| Required work |
Each line of the material below is to be written out exactly. Leave out any picture.

————————

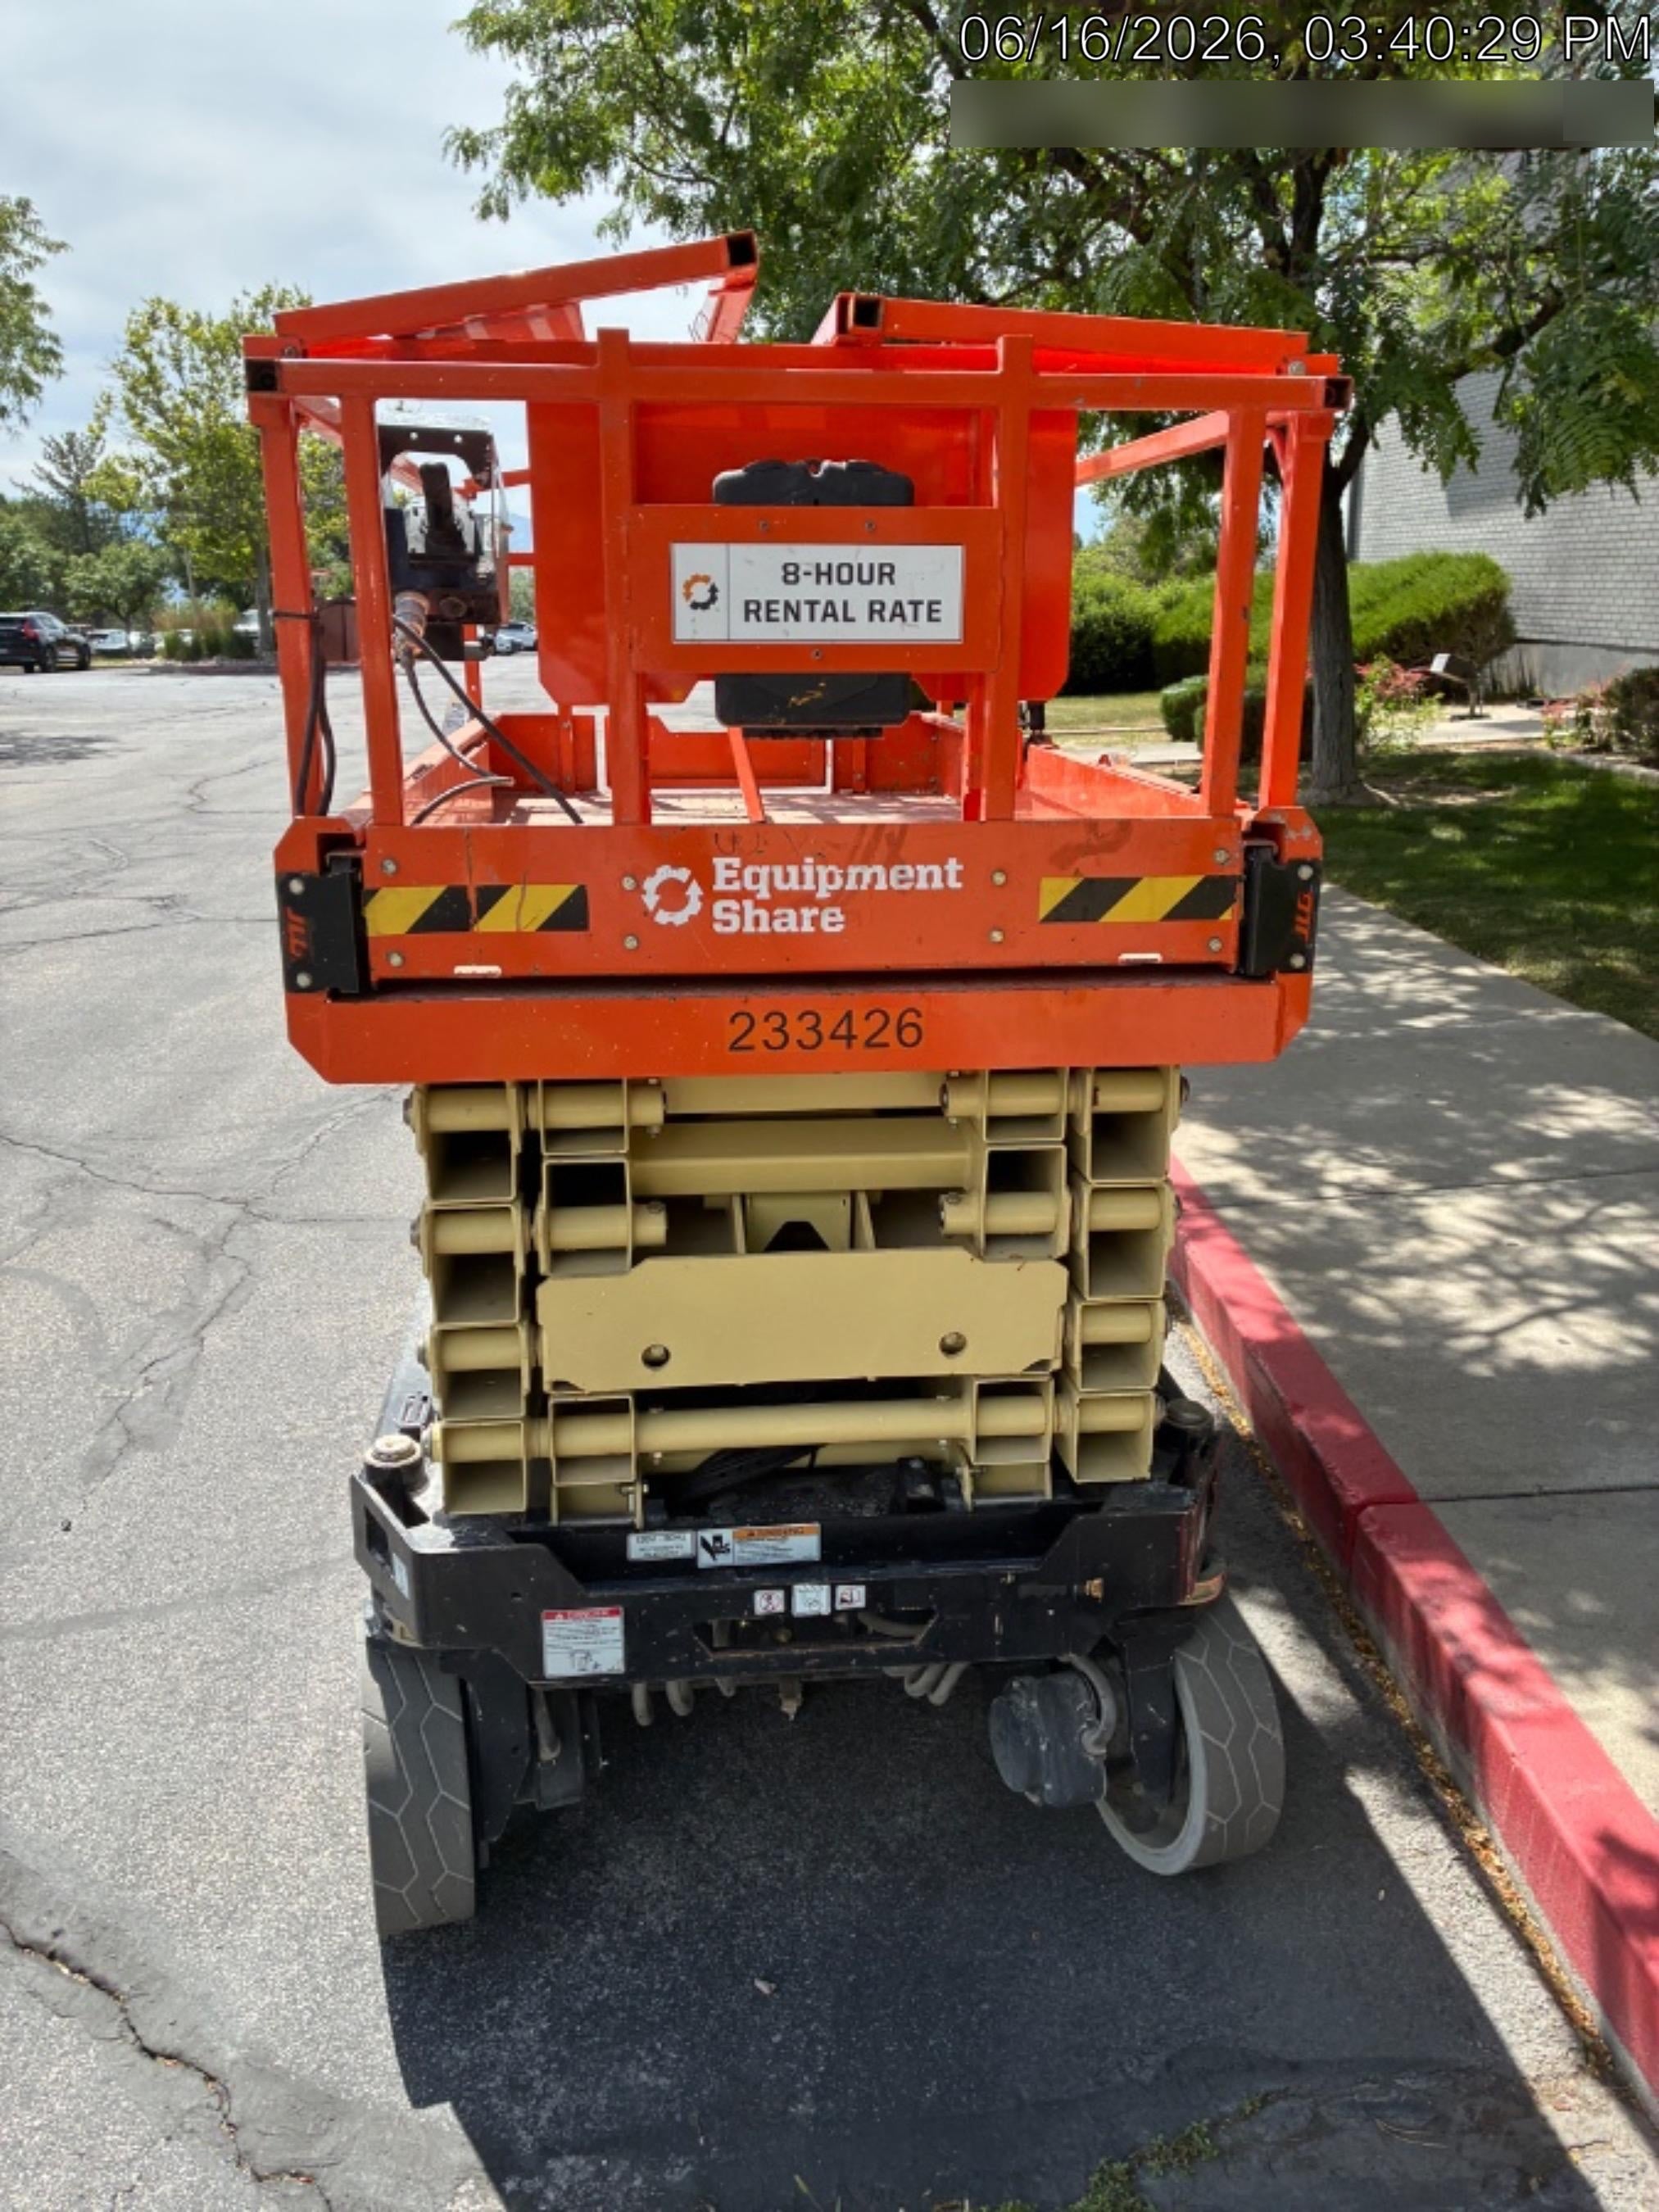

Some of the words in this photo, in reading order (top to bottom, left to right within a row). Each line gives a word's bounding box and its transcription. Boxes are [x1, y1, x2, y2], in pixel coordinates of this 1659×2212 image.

[781, 562, 896, 587] 8-HOUR
[743, 599, 857, 623] RENTAL
[867, 599, 943, 623] RATE
[713, 857, 963, 899] Equipment
[712, 899, 846, 934] Share
[728, 1007, 925, 1052] 233426
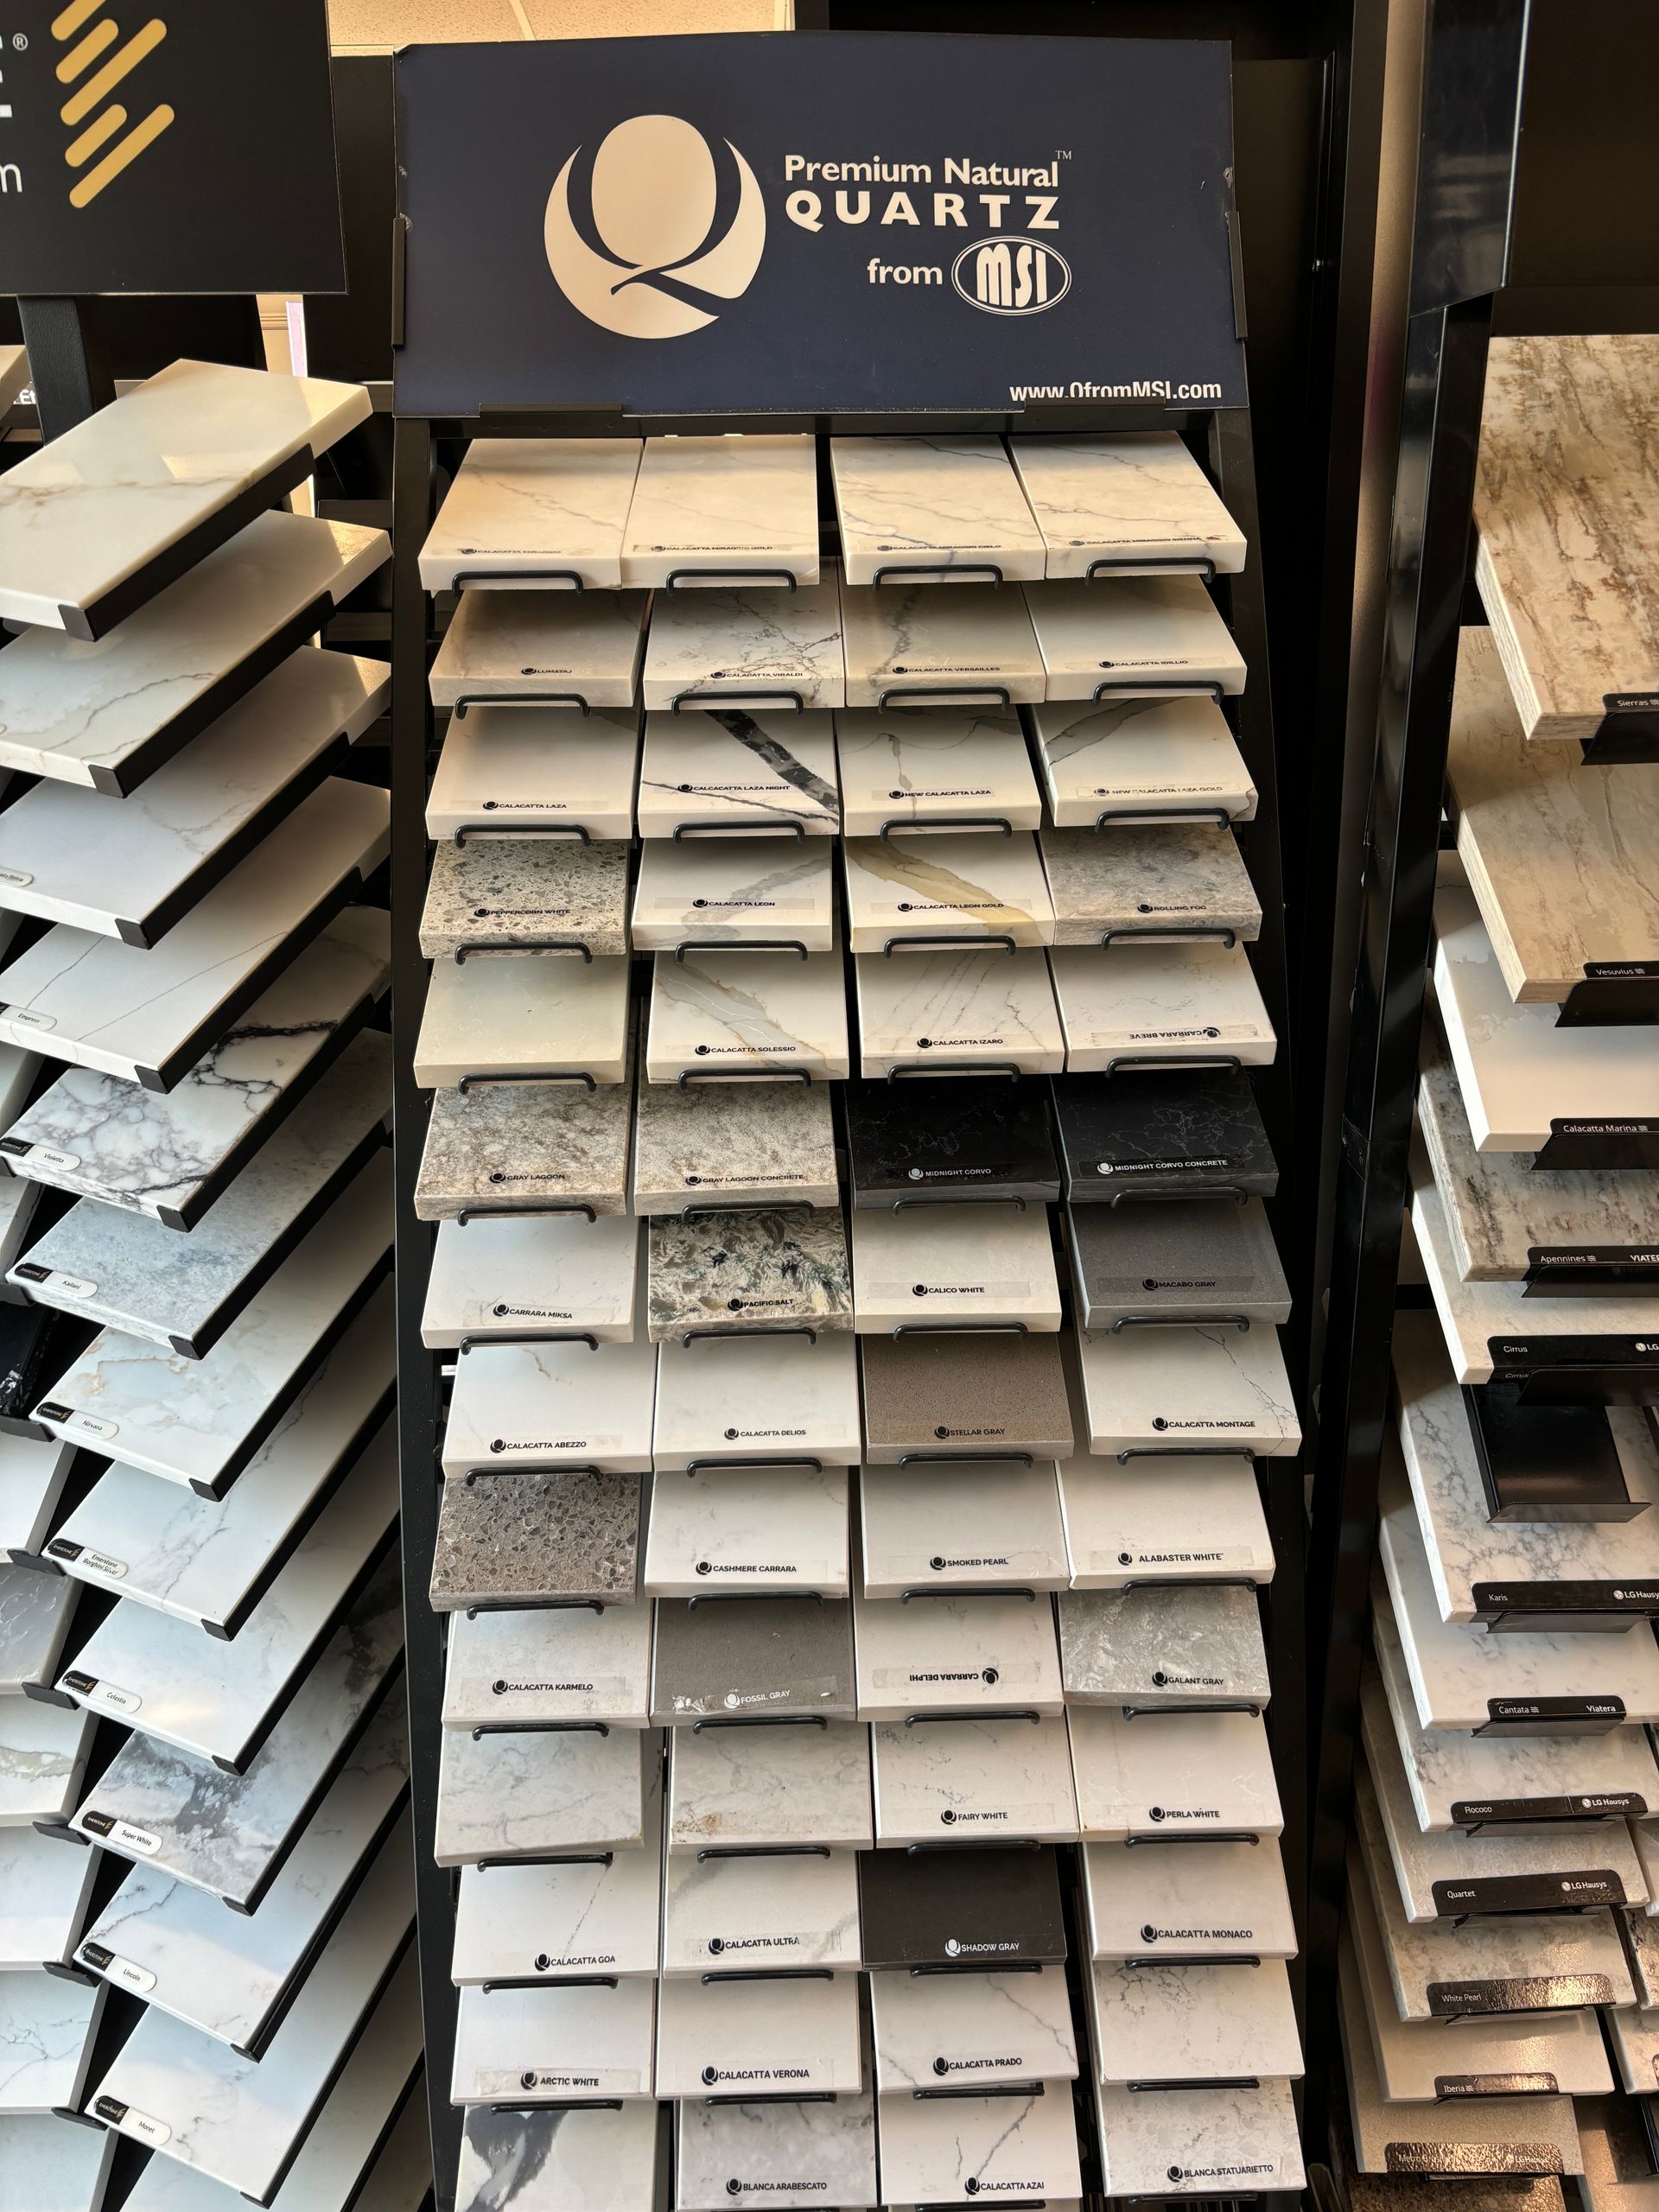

————————

| Answer for the task |
Some of the words in this photo, in reading order (top to bottom, left to right within a row). Each line gives a word's bounding box and its transcription. Boxes are [x1, y1, x2, y2], in pixel coordinates of this 1659×2212 image.

[781, 562, 896, 587] 8-HOUR
[743, 599, 857, 623] RENTAL
[867, 599, 943, 623] RATE
[713, 857, 963, 899] Equipment
[712, 899, 846, 934] Share
[728, 1007, 925, 1052] 233426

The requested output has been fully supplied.